We need a New Social Movement to fight for a better life for people with learning disabilities. I’ve been at two events this week which lead me to that conclusion.
On Monday I was at the Symposium associated with MadHouse ReExit, the fabulous Access All Areas immersive theatre performance at Shoreditch Town Hall (read about it and book tickets here ). An upbeat event, asking a serious question – Has institutionalisation of people with learning disabilities ended? Answer – No. Not just because of the 3000 or so people locked in Secure Units but because control has been replaced by neglect. False notions of independence accompanied by austerity mean neglect. People are trapped, not nowadays by four walls, charge nurses and keys, but by lack of opportunity, lack of support, by loneliness, and boredom.
We encouraged everyone who came to sign up to our Manifesto BELONG #LDBelong, to pledge what they can do to support BELONG. One of my pledges was to write this BLOG.
Today was different. I was with #Justice for LB at Oxford Crown Court to hear the Health and Safety Executive case against Southern Health Foundation Trust. Connor Sparrowhawk died almost 5 years ago. In an institution. An NHS institution. Where the ‘care’ was a disgrace. The other side of the has institutionalisation ended question. No it has not, and in this case incarceration led to death. We all know Connor is not alone in suffering and dying in a twenty-first century institution in what we still delude ourselves into believing is a civilised nation.

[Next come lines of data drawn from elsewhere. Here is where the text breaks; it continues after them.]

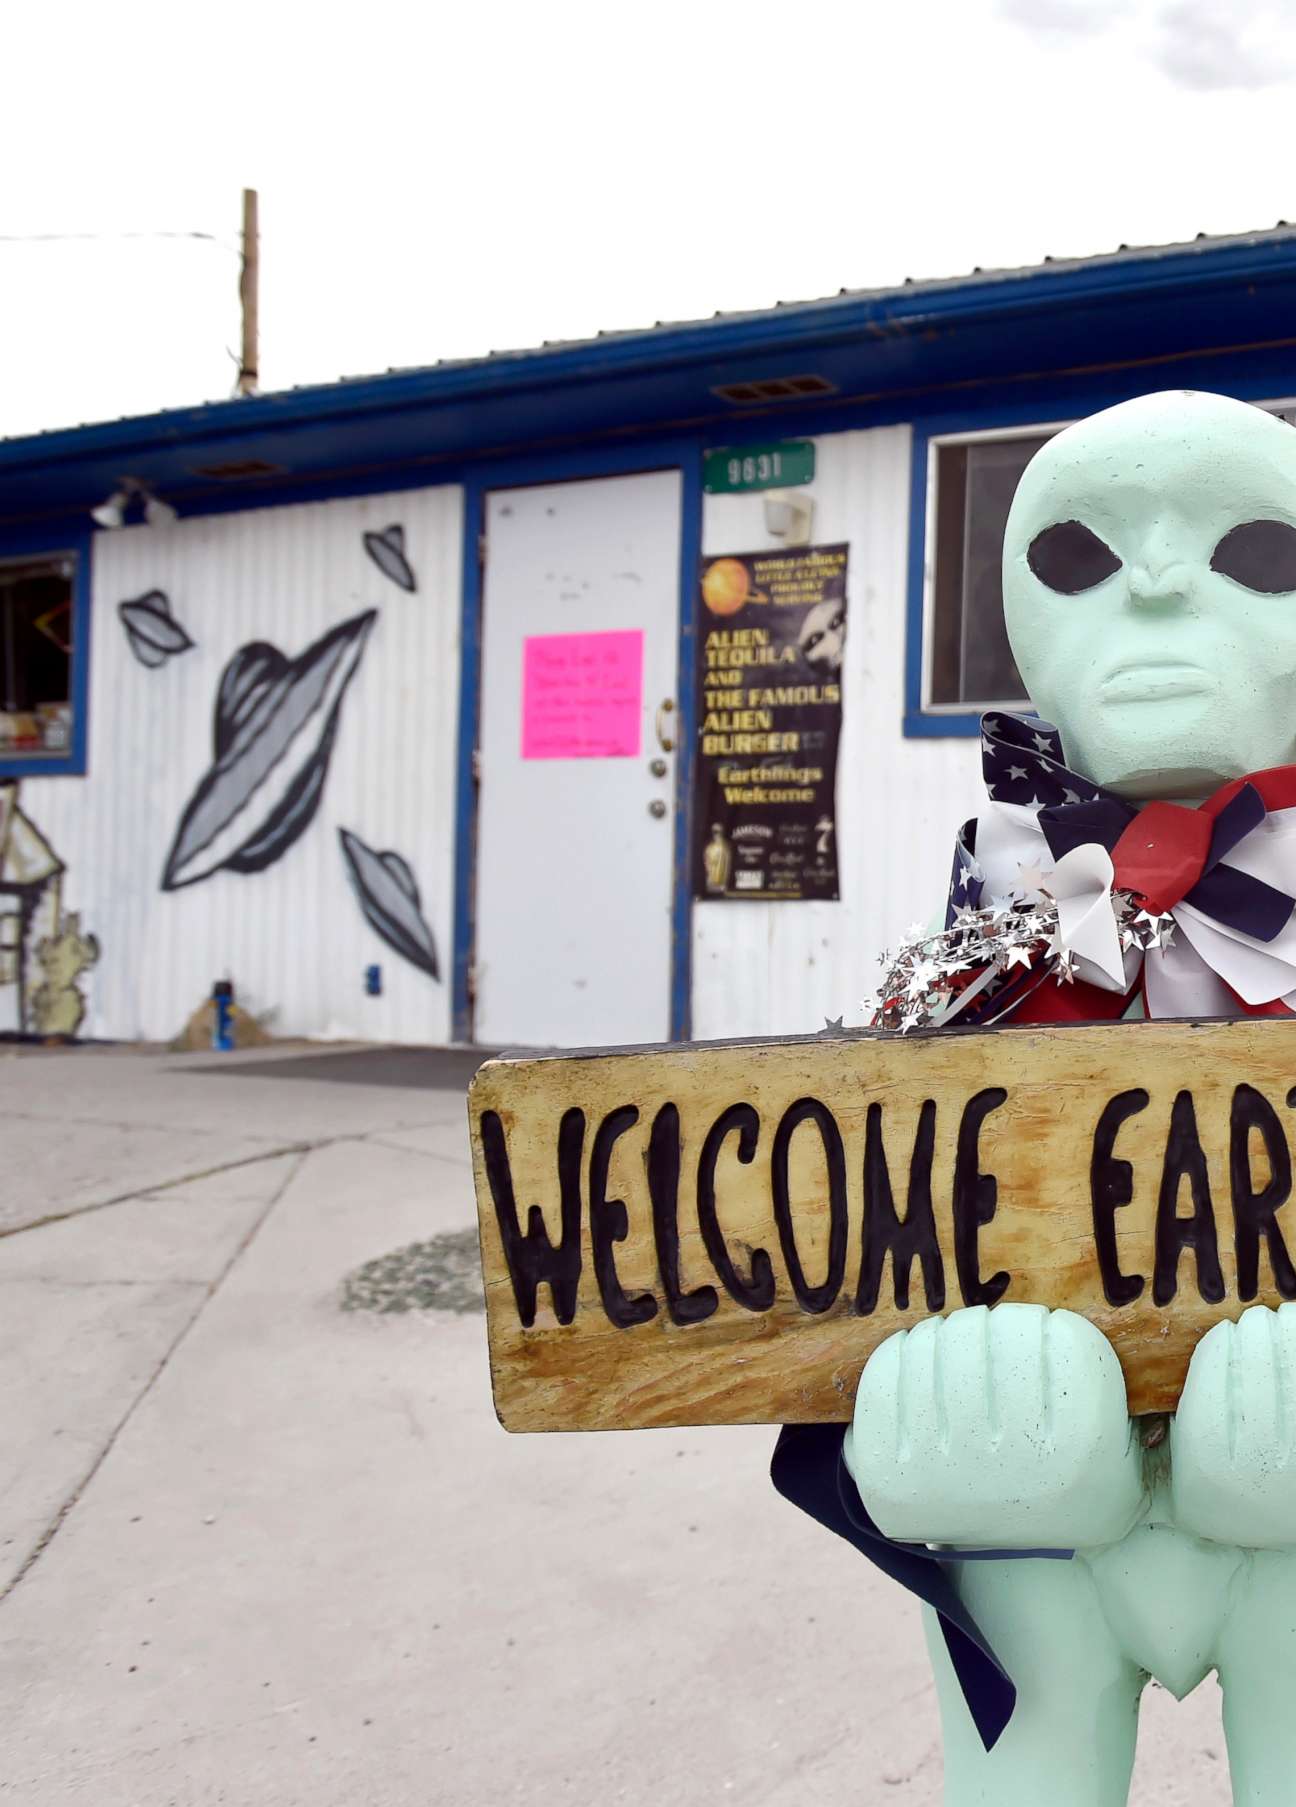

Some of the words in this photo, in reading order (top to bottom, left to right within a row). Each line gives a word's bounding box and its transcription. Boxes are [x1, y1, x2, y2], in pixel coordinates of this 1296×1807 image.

[706, 628, 768, 647] ALIEN
[706, 645, 796, 669] TEQUILA
[704, 669, 741, 686] AND
[706, 689, 742, 708] THE
[749, 684, 840, 707] FAMOUS
[703, 709, 771, 731] ALIEN
[703, 731, 799, 756] BURGER
[717, 765, 823, 786] Earthlings
[479, 1086, 1009, 1329] WELCOME

Taken together, these two events, the upbeat Symposium and the grindingly sad events at Oxford Crown Court say to me we need to take some collective action. Forget the petty rivalries, differences past slights and grievances, this is too big a challenge to divide us.
One of the speakers on Monday was David Towell. David wrote An Ordinary Life in 1980. It provided the vision for the UK’s brand of closing the hospitals. An ordinary house in an ordinary street. Not a lot to ask, but revolutionary at the time. David worked at the Kings Fund then. I fell to thinking how
the King’s Fund played a very important role in the original deinstitutionalisation movement under David and Andrea Whittaker’s influence. It stood above the fray. It wasn’t Mencap, it wasn’t Govt. It wasn’t professionals but it brought them together, respected by both health and social work sides. It forged a vision (Ordinary Life) and it gave people somewhere to meet. It also, as I recall, had modest amounts of money for things like lunches and travel costs. So that when I entered the field in the mid 1980s Ordinary Life was the only game in town. Nobody but backwoodspeople supported institutions. The reformers had achieved ideological hegemony (thanks Nigel Ingham).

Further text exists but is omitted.